Christina initially trained as a social worker nearly 40 years ago and found art has been a useful tool throughout her career. Her own artistic development led her to train as an art psychotherapist, which she completed eight years ago.

 

 “Patients are free to work with whatever inspires them. The work is theirs to keep and is often never seen by anyone else. The creations are personal. Words come and go and can easily be forgotten but artwork stands alone. It can become an anchor from which to explore and return to when needed.
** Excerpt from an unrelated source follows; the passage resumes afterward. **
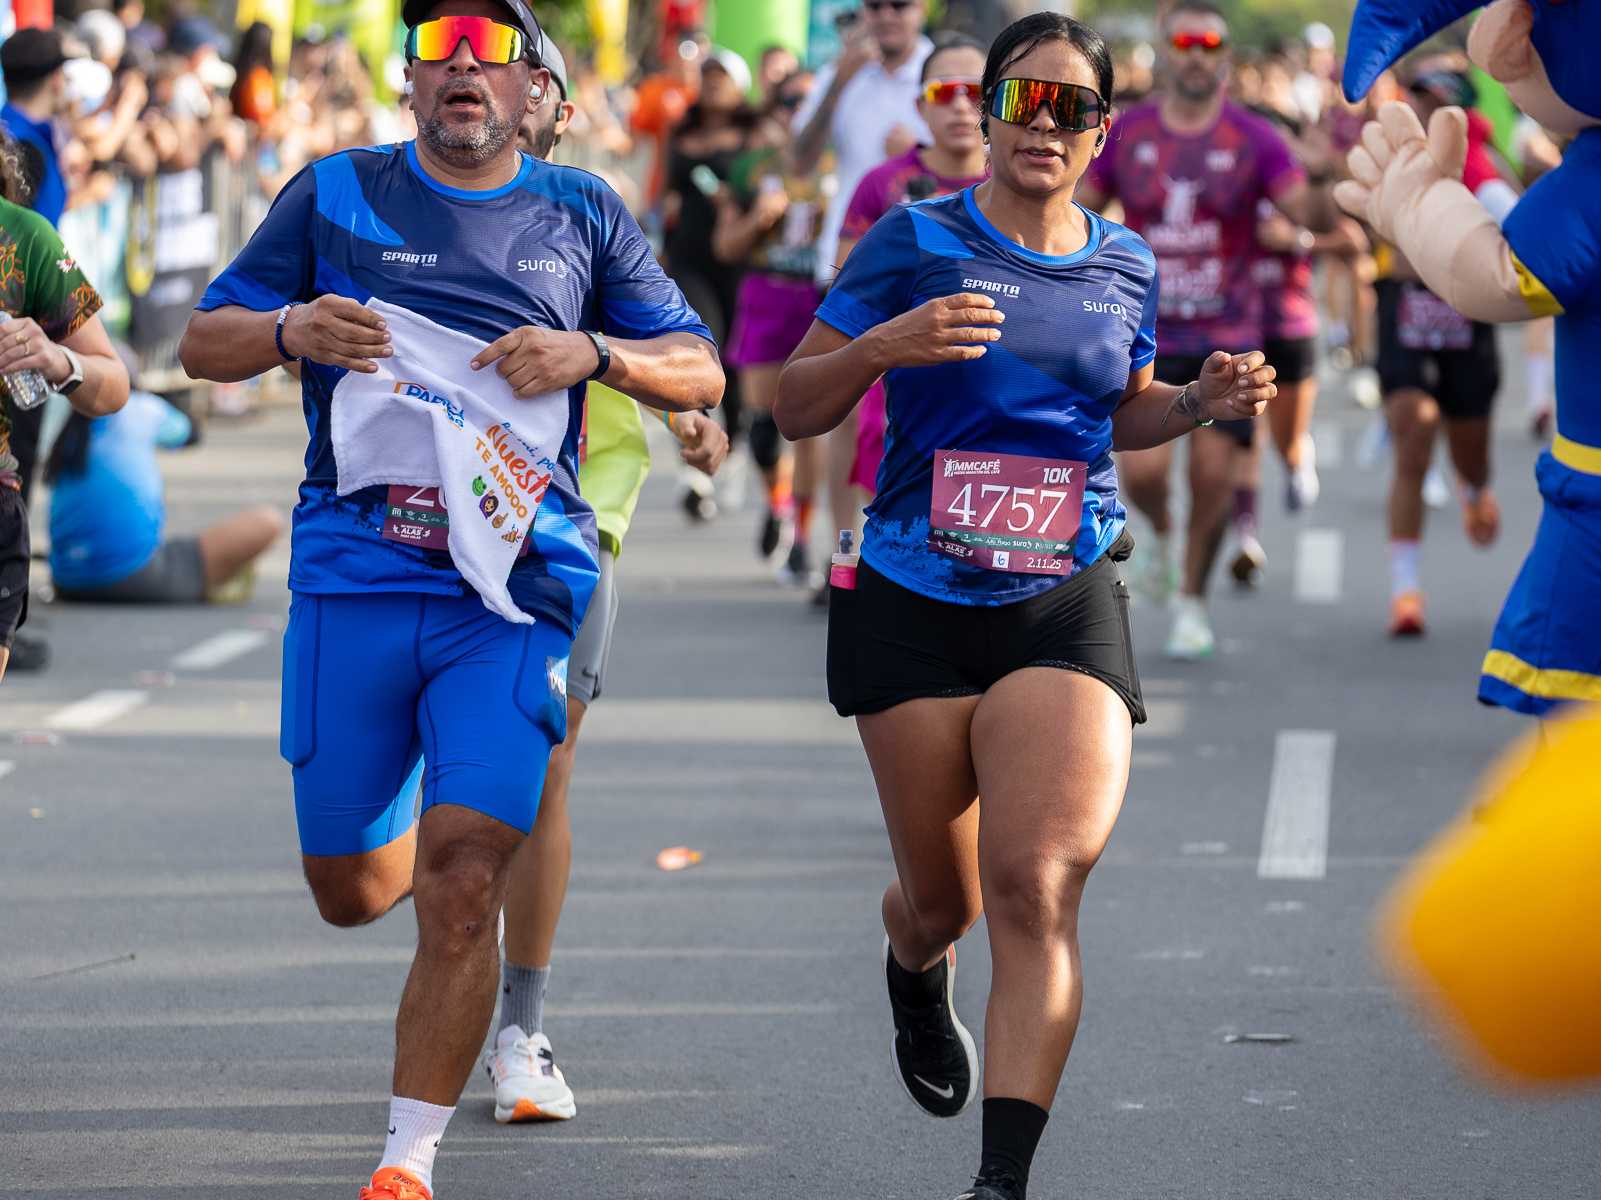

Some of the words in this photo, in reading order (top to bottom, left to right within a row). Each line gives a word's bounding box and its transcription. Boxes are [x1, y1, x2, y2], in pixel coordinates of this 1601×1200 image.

Making art can shift perspectives, and the creativity it releases can be playful, insightful  and mindful of the present moment.”

 

Ann-Marie Wilson is supported by the team at our Health & Wellbeing Centre and found art therapy extremely helpful. “After chaemotherapy, I knew I had lots of seemingly inaccessible feelings – and I wasn’t sure how to get to them. Christina helped me initially move from controlled art to playful expression, safe content to raw vulnerabilities. I moved from 2-D painting through collage to 3-D claywork. The whole experience was more cathartic  and healing then I could ever have imagined. I will always remain grateful for the experience.”